++++ DATASET ENTRIES ++++

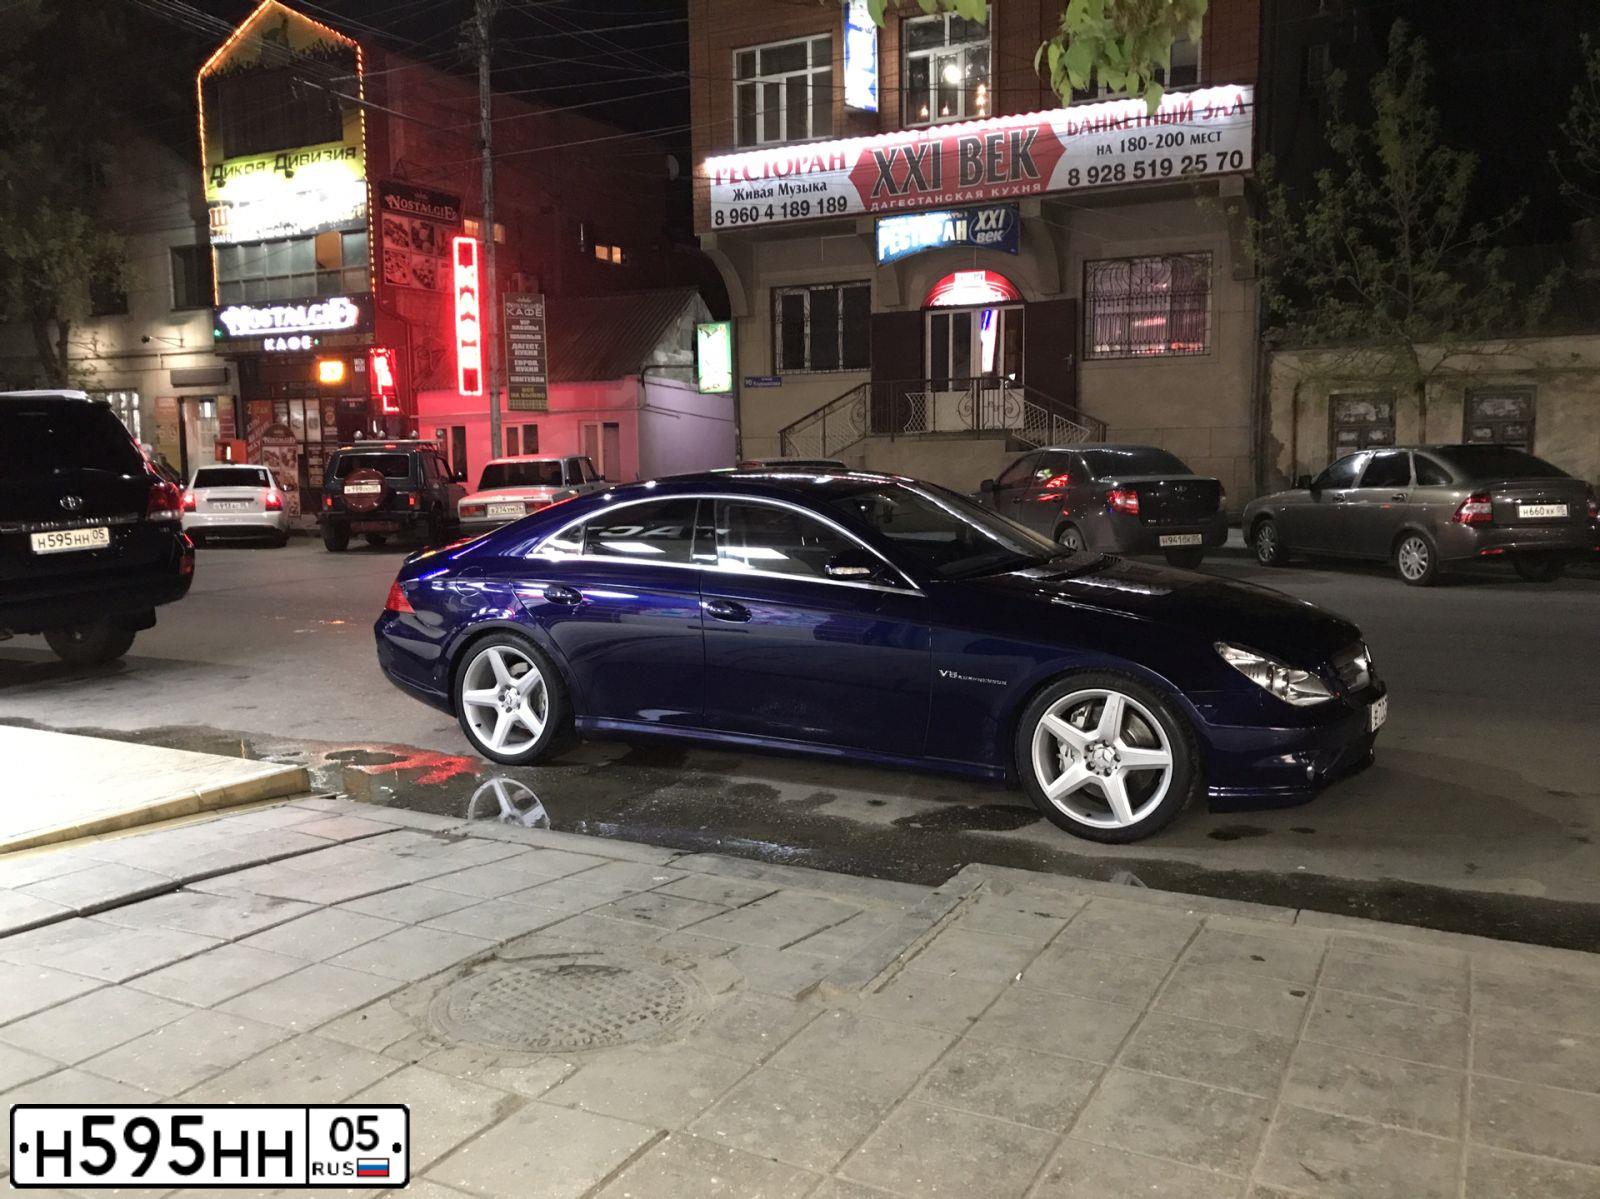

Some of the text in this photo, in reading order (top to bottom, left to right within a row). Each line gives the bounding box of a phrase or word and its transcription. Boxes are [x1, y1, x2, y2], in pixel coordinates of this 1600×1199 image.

[957, 126, 1041, 189] ВЕК
[1096, 131, 1223, 156] НА 180-200 МЕСТ
[1068, 150, 1244, 186] 8 928 519 25 70
[732, 181, 828, 202] Живая Музыка
[870, 183, 1042, 212] ДАГЕСТАНСКАЯ КУХНЯ
[715, 196, 848, 226] 8 960 4 189 189
[92, 529, 105, 541] 05

++++

• WHAT YOU ARE ASKED TO DO: Your answer must be the records above, copied exactly, with no pictures.

• ANSWER SPACE:
Some of the text in this photo, in reading order (top to bottom, left to right within a row). Each line gives the bounding box of a phrase or word and its transcription. Boxes are [x1, y1, x2, y2], in pixel coordinates of this 1600×1199 image.

[957, 126, 1041, 189] ВЕК
[1096, 131, 1223, 156] НА 180-200 МЕСТ
[1068, 150, 1244, 186] 8 928 519 25 70
[732, 181, 828, 202] Живая Музыка
[870, 183, 1042, 212] ДАГЕСТАНСКАЯ КУХНЯ
[715, 196, 848, 226] 8 960 4 189 189
[92, 529, 105, 541] 05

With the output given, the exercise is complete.